Output the data in full. Keep every word exact and exclude the pictures.

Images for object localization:
• • • • • • •
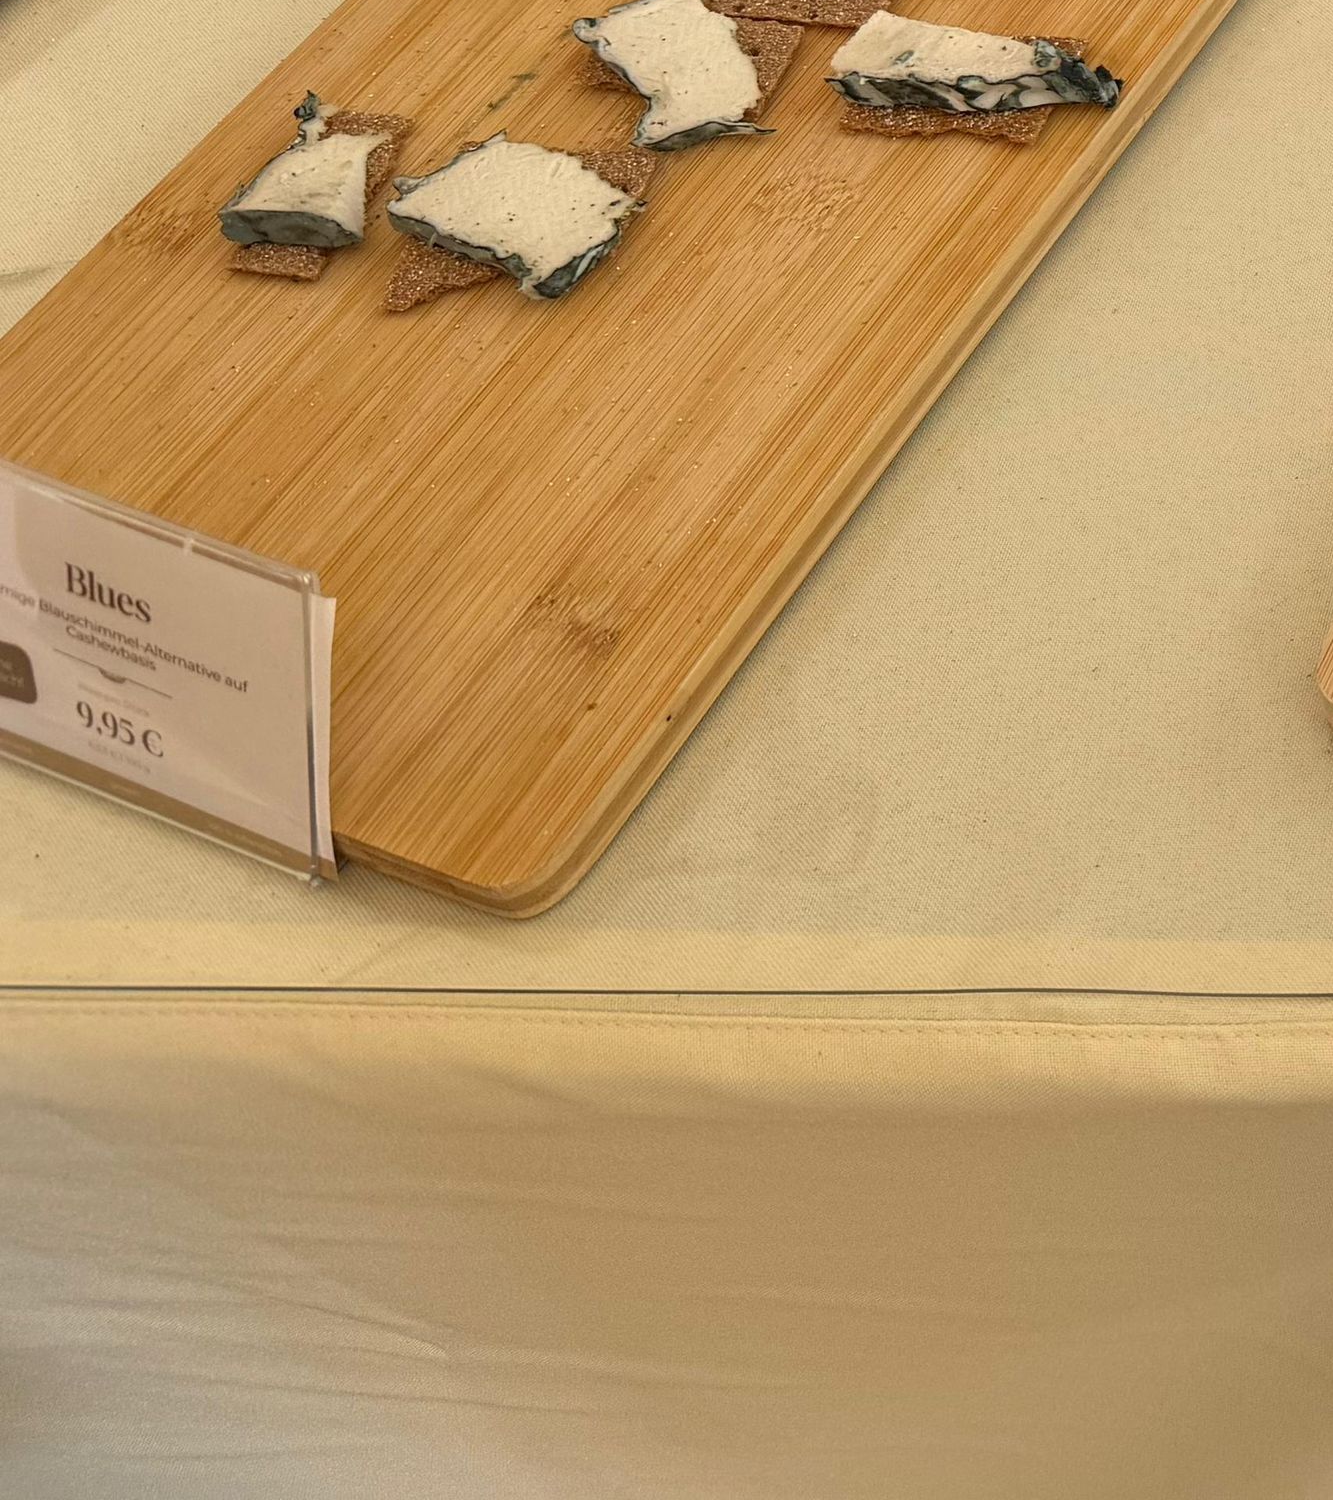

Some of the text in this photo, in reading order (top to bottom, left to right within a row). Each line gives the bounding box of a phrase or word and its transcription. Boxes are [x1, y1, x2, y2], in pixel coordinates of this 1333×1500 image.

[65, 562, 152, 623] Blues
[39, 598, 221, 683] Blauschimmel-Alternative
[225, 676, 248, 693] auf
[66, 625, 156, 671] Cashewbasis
• • • • • • •
● **Exercise output**:
Some of the text in this photo, in reading order (top to bottom, left to right within a row). Each line gives the bounding box of a phrase or word and its transcription. Boxes are [x1, y1, x2, y2], in pixel coordinates of this 1333×1500 image.

[65, 562, 152, 623] Blues
[39, 598, 221, 683] Blauschimmel-Alternative
[225, 676, 248, 693] auf
[66, 625, 156, 671] Cashewbasis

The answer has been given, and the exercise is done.